Ein weiteres Hindernis für komplexes Leben ist die hohe Oberflächengravitation. Mit dem rund Neunfachen der Erdanziehungskraft wäre es für größere Lebewesen kaum möglich, sich zu entwickeln oder technologisch aktiv zu werden. Ein durchschnittlicher Mensch würde auf diesem Planeten rund 630 Kilogramm wiegen.

Auswirkungen auf die Astrobiologie

Sollte der Nachweis des Gases DMS abschließend bestätigt werden, hätte das weitreichende Folgen:

  • Bewohnbarkeit von Roten Zwergen: K2-18b umkreist einen Roten Zwerg (einen Stern der Spektralklasse M, auch M-Typ genannt). Diese Sterne machen 73 % aller Sterne in der Milchstraße aus. Ihre grundsätzliche Eignung für belebte Planeten würde damit bestätigt.
  • Häufigkeit von Leben: Wenn ein Planet in nur 124 Lichtjahren Entfernung Hinweise auf Leben zeigt, würde dies implizieren, dass mikrobielles Leben im Universum weit verbreitet ist.
  • Fermi-Paradoxon: Wenn viele belebte Planeten Ozeanwelten mit hoher Gravitation sind, erklärt das womöglich, warum es keine raumfahrenden Zivilisationen gibt: Sie sind schlicht gefangen in ihrer Umwelt.

Schlussbetrachtung

Der Fall K2-18b ist derzeit der aussichtsreichste Kandidat für eine Biosphäre jenseits der Erde, der je entdeckt wurde. Die Ergebnisse des JWST sind bemerkenswert, aber noch nicht abschließend. Sollte der Nachweis von Dimethylsulfid bestätigt werden, wäre dies eine wissenschaftliche Sensation mit potenziellem Nobelpreischarakter. Bestätigt sich das Szenario einer belebten Ozeanwelt, wäre der Kosmos nicht nur voller Sterne – sondern auch voller Leben.

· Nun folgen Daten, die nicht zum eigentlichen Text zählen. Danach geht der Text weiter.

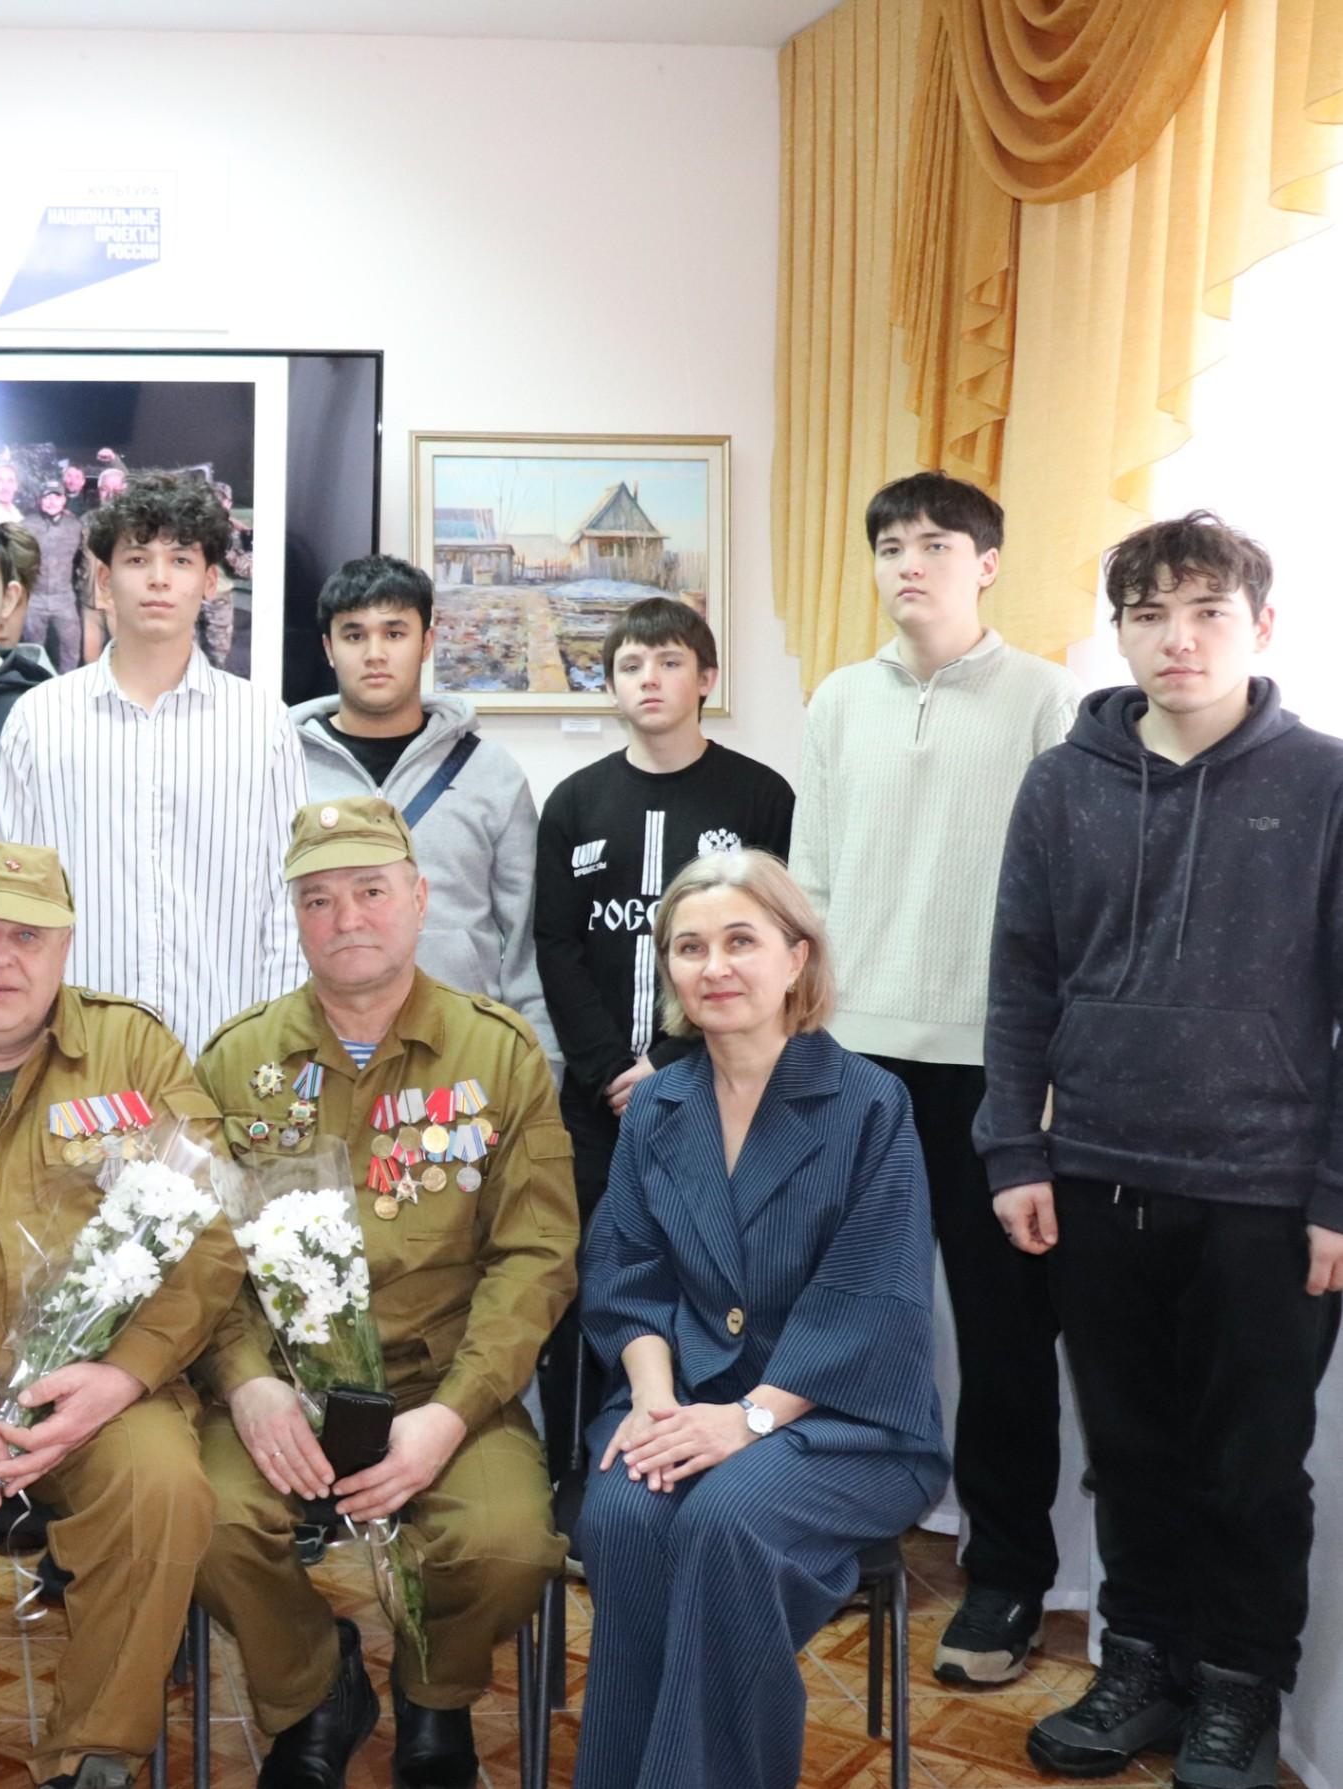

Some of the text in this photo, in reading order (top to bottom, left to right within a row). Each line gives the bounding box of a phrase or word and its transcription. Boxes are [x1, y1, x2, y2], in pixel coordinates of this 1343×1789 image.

[47, 208, 159, 226] НАЦИОНАЛЬНЫЕ
[95, 226, 159, 242] ПРОЕКТЫ
[107, 243, 159, 260] РОССИИ
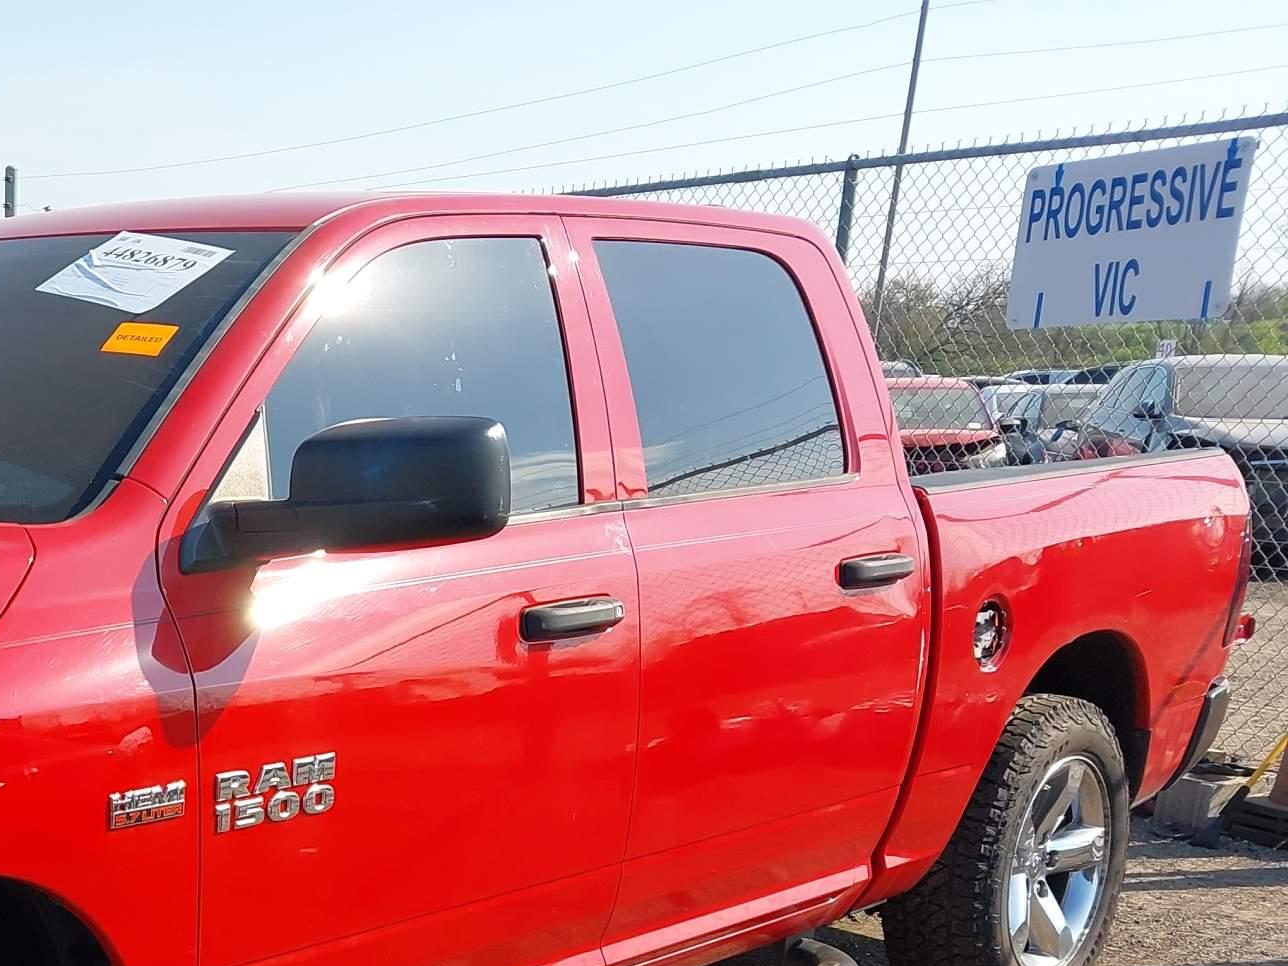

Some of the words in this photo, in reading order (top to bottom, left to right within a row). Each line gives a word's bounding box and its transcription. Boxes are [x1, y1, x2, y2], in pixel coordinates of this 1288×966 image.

[1025, 158, 1243, 244] PROGRESSIVE
[103, 246, 198, 272] 44826879
[1094, 258, 1141, 318] VIC
[115, 333, 163, 344] DETAILED
[109, 779, 187, 813] HEMI
[215, 751, 336, 802] RAM
[114, 811, 140, 826] 5.7
[141, 805, 183, 822] LITER
[215, 783, 335, 834] 1500

Können wir K2-18b besuchen?

Mit Roboterdrohnen könnten wir das sehr wohl. Lasergetriebene Lichtsegelsonden erreichen Geschwindigkeiten, mit denen man K2-18b in realistischer Zeit erreichen kann. Solche Sonden könnten theoretisch bis zu 20 % der Lichtgeschwindigkeit erreichen. Für eine Strecke von 124 Lichtjahren würde eine solche Sonde somit rund 620 Jahre benötigen. Wissenschaftlich ist das weniger herausfordernd, als man denkt, da wir die gesamte Technologie bereits entwickelt haben. Ingenieure stünden allerdings vor einigen Herausforderungen, da man hierzu einen Atomreaktor auf unserem atmosphärelosem Mond errichten müsste, der ein riesiges Laser-Array betreibt. Dieses würde die Lichtsegeldrohnen anschieben, sobald sie weit genug entfernt sind, dass der Lichtdruck unserer Sonne keinen Schub mehr liefert.

Das klingt heutzutage nach einem unmöglich langfristigen Projekt, aber der Bau des Kölner Doms hat länger gedauert.

Nach 70 Jahren Raumfahrt ist es an der Zeit, dass wir unser System verlassen – und K2-18b wäre ein gutes Ziel.